Sara Shipley Hiles is an award-winning journalist and journalism educator with 20 years’ experience in the field.
As a teacher, she challenges her students to think deeply and work creatively to create compelling projects across a variety of media platforms.
As a journalist, she specializes in stories that illuminate the relationship between people and the environment. She has traveled from Louisiana’s chemical corridor to the Douglas fir forests of the Northwest and the mining towns of Peru in her work.
Sara is an assistant professor of journalism at the University of Missouri.
Chasing Pigs and Mardi Gras Beads
Sara was born in Rochester, N.Y. and grew up in Marthasville, Mo. The second oldest of eight children, Sara spent her younger days on the family hog farm, chasing pigs and doing chores. She attended St. Francis Borgia Regional High School in Washington, Mo., where she played the clarinet in the marching band and worked on the school paper and yearbook using the original “cut and paste” technology.
Sara received her bachelor’s degree in communications at Loyola University in New Orleans in 1993. She was a Presidential Scholar in the honors program, a writer at the award-winning paper, The Maroon, and an enthusiastic fan of Jazz Fest and Mardi Gras.
Although Sara arrived on campus aspiring to be a TV producer for “Sesame Street,” she quickly developed a nose for news. She became a stringer at The Times-Picayune, writing the paper’s first story on the then-unknown phenomenon we now call the Internet.
She went on to become a staff writer at the paper, covering city government, K-12 education, higher education, underage drinking, homeless teens, illegal gambling, hazardous waste, river restoration and other topics.
In 1998, Sara moved to Salem, Ore., to achieve her dream of becoming an environmental reporter.

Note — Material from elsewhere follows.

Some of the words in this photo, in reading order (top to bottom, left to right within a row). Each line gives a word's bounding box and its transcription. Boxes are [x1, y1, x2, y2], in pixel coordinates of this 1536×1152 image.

Her favorite assignment at The Statesman-Journal was traveling to Iceland to cover Keiko, the “Free Willy” orca whale, as he was repatriated to his homeland.
Sara left the West Coast for the rolling hills of Kentucky in 2002. She was the last person to occupy The Courier-Journal‘s South-Central Kentucky bureau, part of the paper’s storied network of outposts across the state. While at the C-J, Sara worked on two major investigative projects, “Locked in Suffering,” about the mistreatment of mentally ill inmates in county jails, and “Toxic Workplace,” about railroad workers sickened by solvent exposure on the job.

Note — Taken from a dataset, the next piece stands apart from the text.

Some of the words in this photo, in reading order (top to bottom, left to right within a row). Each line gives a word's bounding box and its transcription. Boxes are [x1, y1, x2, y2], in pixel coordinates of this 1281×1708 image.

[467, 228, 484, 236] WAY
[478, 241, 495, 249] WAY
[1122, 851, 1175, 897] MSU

Sara’s expertise in environmental health topics continued at the St. Louis Post-Dispatch, where she worked from 2002-2005. One major investigation uncovered the risk to thousands of food-manufacturing workers nationwide from what came to be called “popcorn lung,” a devastating illness caused by breathing an artificial butter flavoring. For another major story, Sara convinced the Post-Dispatch to hire satellite image experts to analyze development patterns in the region’s wide floodplains. The study found that $2.2 billion worth of development had been built on thousands of acres of land that was under water in the Great Flood of 1993.
Freelancing and Teaching
In 2005, Sara started freelancing full time. Her first project was to go to Peru to cover lead pollution from the Doe Run Co. smelter in La Oroya, a story that had eluded her for years. The resulting investigation, published in Mother Jones magazine in 2006, won an international journalism award. The Center for Public Integrity hired her to co-author a book about Hurricane Katrina and New Orleans.

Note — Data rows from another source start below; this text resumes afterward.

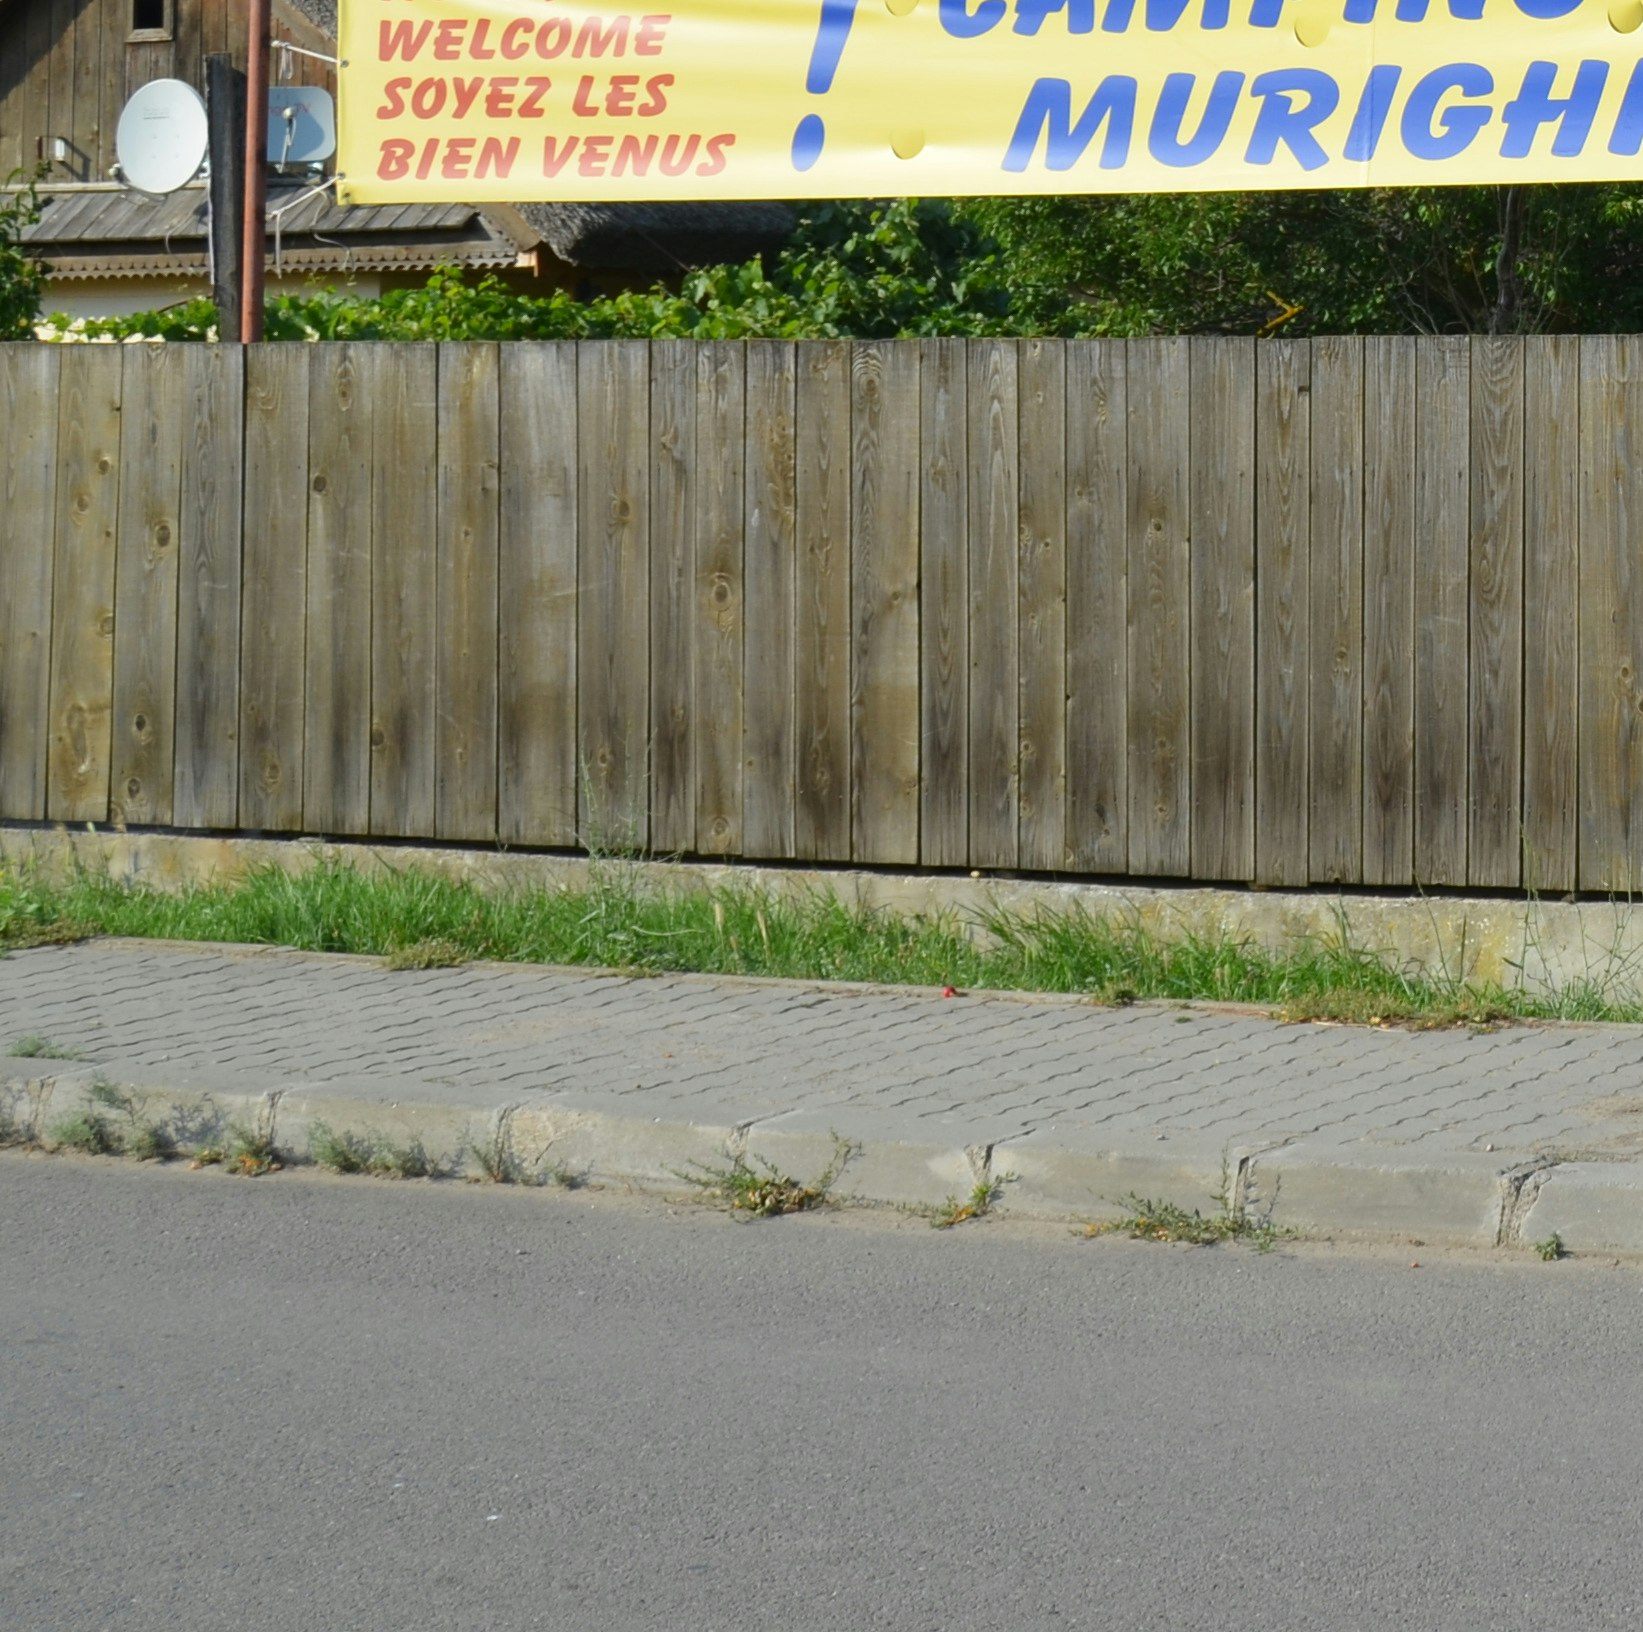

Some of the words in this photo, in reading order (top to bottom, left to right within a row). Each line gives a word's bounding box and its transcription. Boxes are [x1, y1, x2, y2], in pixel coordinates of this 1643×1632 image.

[377, 13, 671, 62] WELCOME
[376, 76, 552, 120] SOYEZ
[571, 73, 675, 117] LES
[376, 137, 521, 181] BIEN
[541, 133, 736, 177] VENUS

Sara started teaching journalism part-time in 2006 at Western Kentucky University’s award-winning School of Journalism & Broadcasting. She soon felt at home in the classroom as much as the newsroom. Sara traveled with students to eastern Kentucky coal mines and the cotton fields of India to cover stories. She won a WKU faculty teaching award, and her class’s project was a finalist for a national Online Journalism Award in 2010.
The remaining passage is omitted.